Records shown START

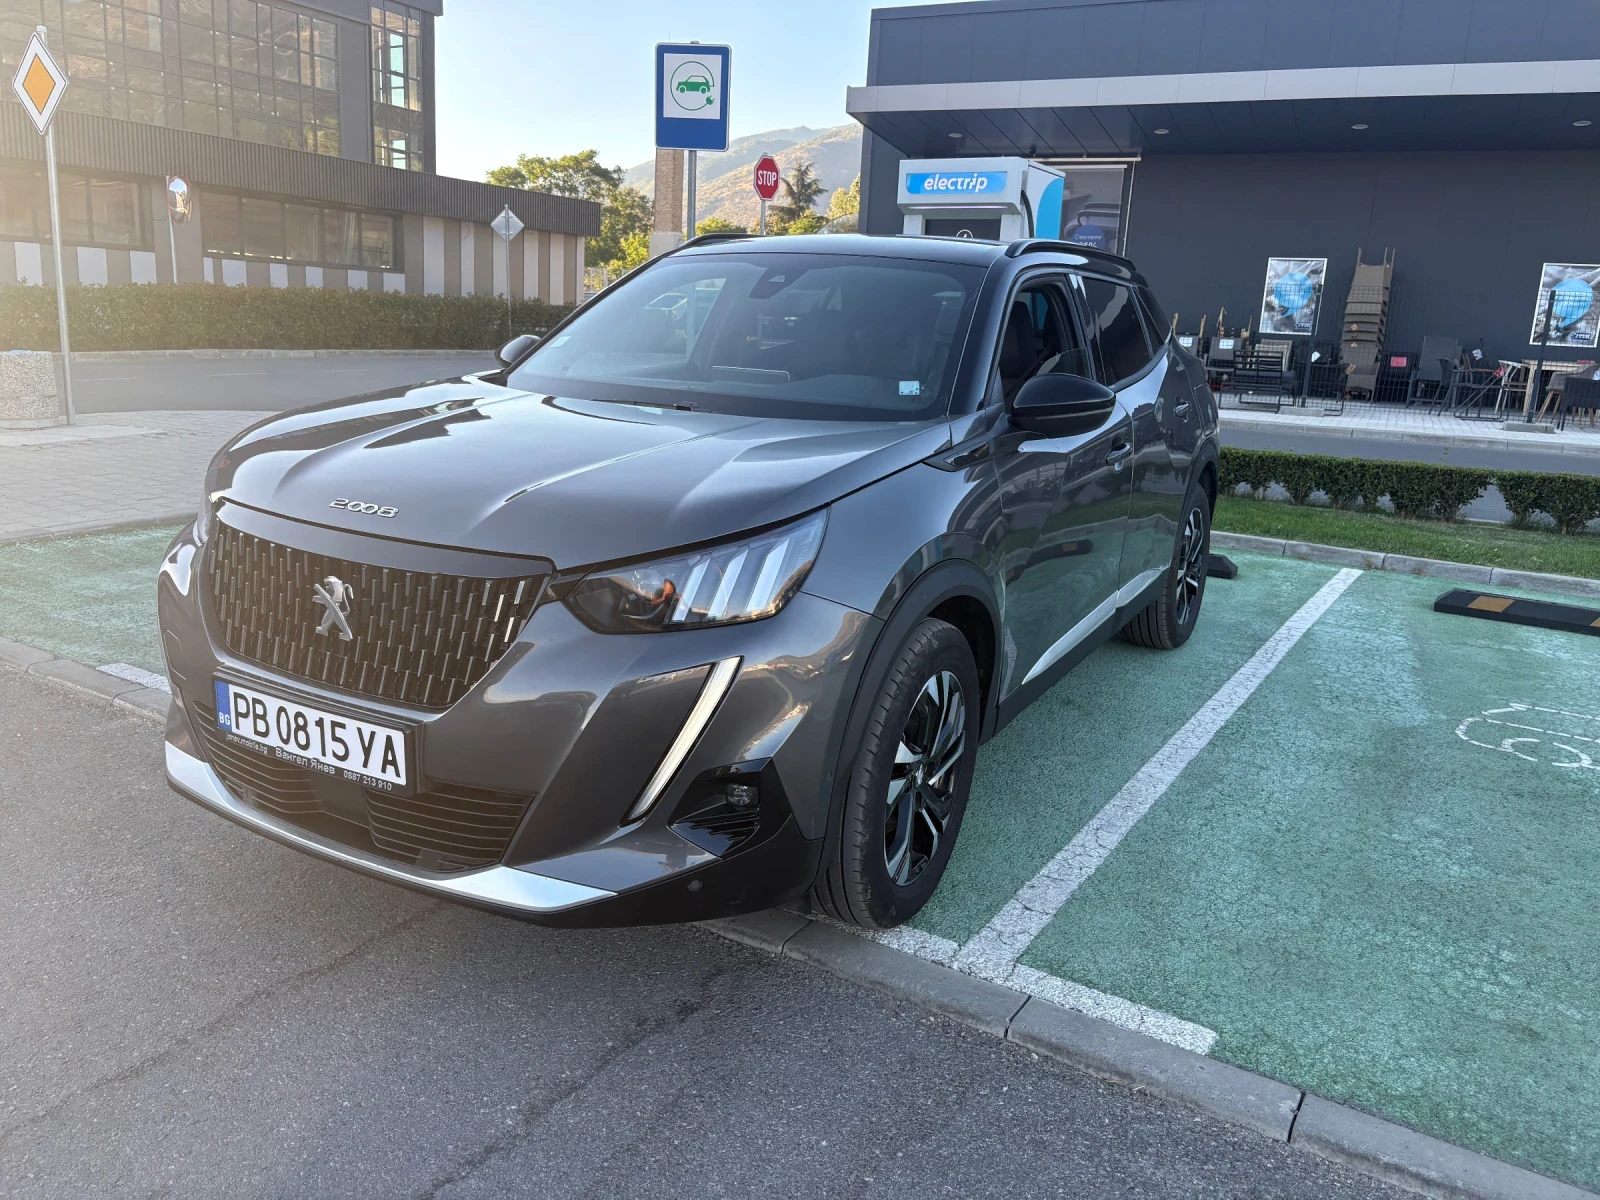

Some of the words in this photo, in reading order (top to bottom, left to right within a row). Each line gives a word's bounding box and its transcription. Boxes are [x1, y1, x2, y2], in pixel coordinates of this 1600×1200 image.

[757, 170, 777, 186] STOP
[923, 173, 988, 192] electrip
[328, 498, 399, 517] 2008
[219, 712, 231, 726] BG
[233, 692, 270, 739] PB
[276, 706, 350, 761] 0815
[357, 726, 401, 778] YA
[275, 747, 308, 766] Вангел
[311, 758, 336, 775] Янев
[362, 776, 377, 786] 213

Records shown END

◆ Directions for this task: Would you output the listing above verbatim, without its pictures?

◆ Answer box:
Some of the words in this photo, in reading order (top to bottom, left to right within a row). Each line gives a word's bounding box and its transcription. Boxes are [x1, y1, x2, y2], in pixel coordinates of this 1600×1200 image.

[757, 170, 777, 186] STOP
[923, 173, 988, 192] electrip
[328, 498, 399, 517] 2008
[219, 712, 231, 726] BG
[233, 692, 270, 739] PB
[276, 706, 350, 761] 0815
[357, 726, 401, 778] YA
[275, 747, 308, 766] Вангел
[311, 758, 336, 775] Янев
[362, 776, 377, 786] 213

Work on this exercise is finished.